[[ DATA SHOWN open ]]

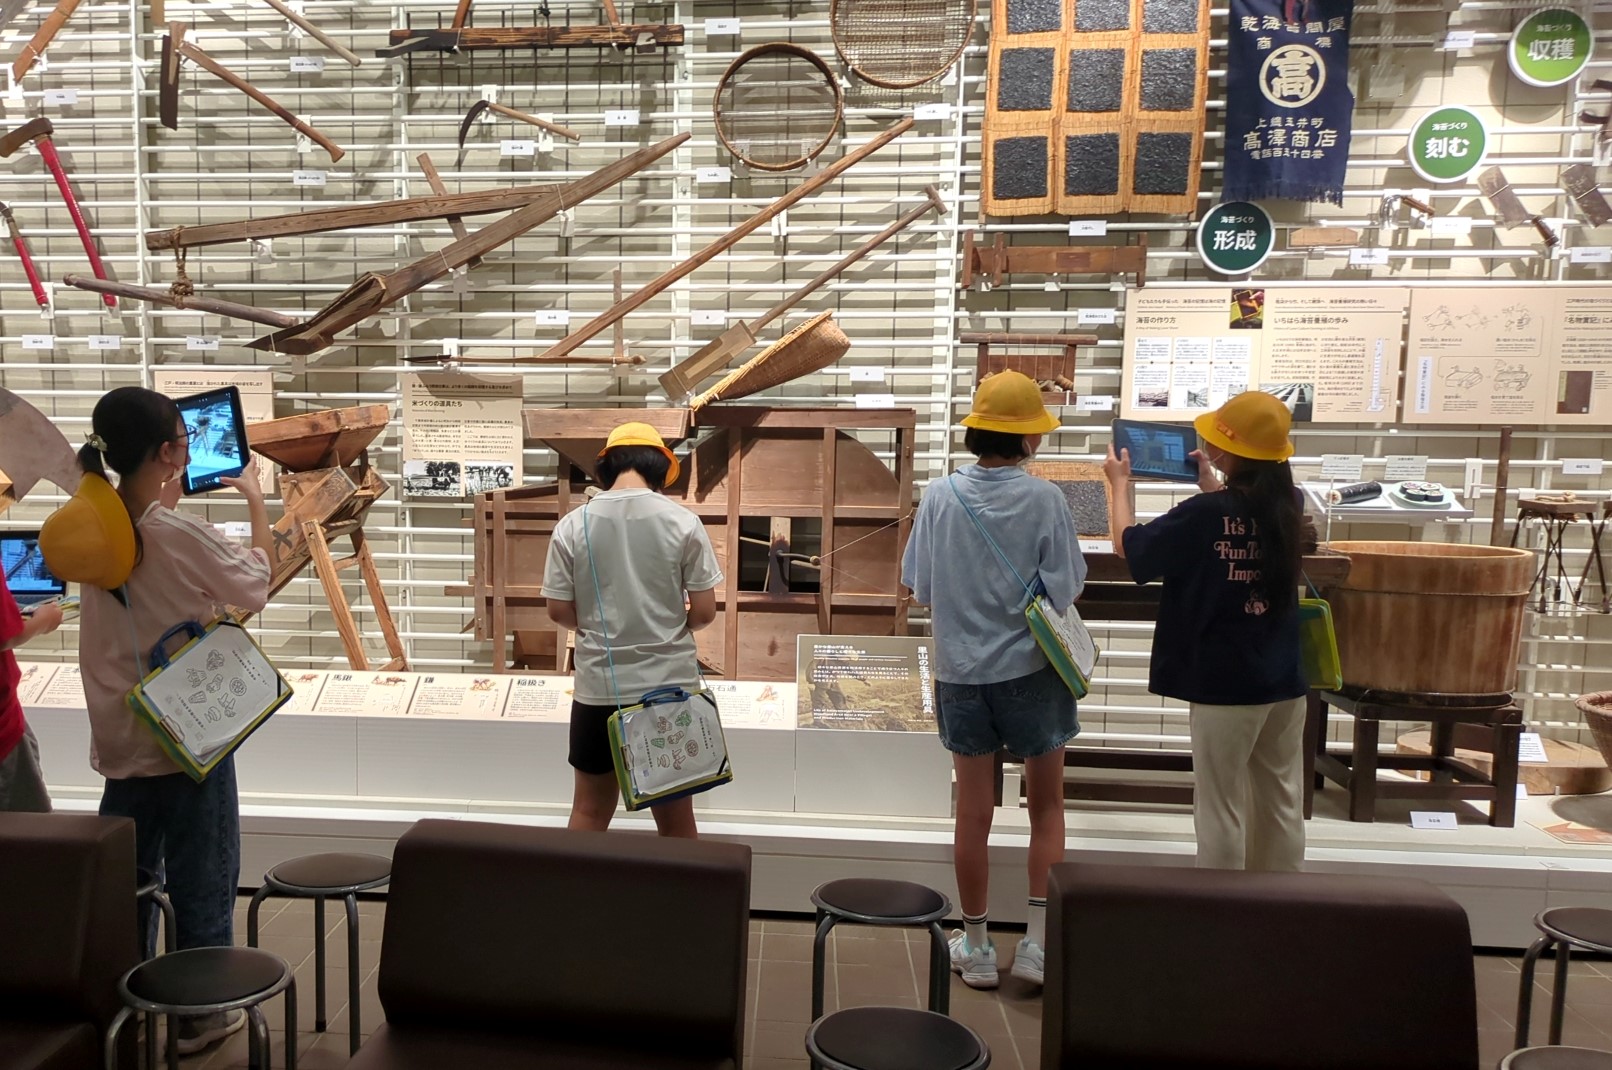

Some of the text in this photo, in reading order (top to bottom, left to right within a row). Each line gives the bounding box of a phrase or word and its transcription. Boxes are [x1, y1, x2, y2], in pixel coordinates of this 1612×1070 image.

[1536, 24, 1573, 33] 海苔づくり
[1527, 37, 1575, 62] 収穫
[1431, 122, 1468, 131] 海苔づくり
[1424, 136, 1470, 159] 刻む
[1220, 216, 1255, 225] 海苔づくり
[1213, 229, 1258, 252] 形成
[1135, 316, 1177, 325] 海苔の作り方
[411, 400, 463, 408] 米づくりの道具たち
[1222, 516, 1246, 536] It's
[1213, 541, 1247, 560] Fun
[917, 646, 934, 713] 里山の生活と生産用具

[[ DATA SHOWN closed ]]

## PROBLEM TO SOLVE
Print the entries above exactly, leaving pictures out.

## SOLUTION TO THIS TASK
Some of the text in this photo, in reading order (top to bottom, left to right within a row). Each line gives the bounding box of a phrase or word and its transcription. Boxes are [x1, y1, x2, y2], in pixel coordinates of this 1612×1070 image.

[1536, 24, 1573, 33] 海苔づくり
[1527, 37, 1575, 62] 収穫
[1431, 122, 1468, 131] 海苔づくり
[1424, 136, 1470, 159] 刻む
[1220, 216, 1255, 225] 海苔づくり
[1213, 229, 1258, 252] 形成
[1135, 316, 1177, 325] 海苔の作り方
[411, 400, 463, 408] 米づくりの道具たち
[1222, 516, 1246, 536] It's
[1213, 541, 1247, 560] Fun
[917, 646, 934, 713] 里山の生活と生産用具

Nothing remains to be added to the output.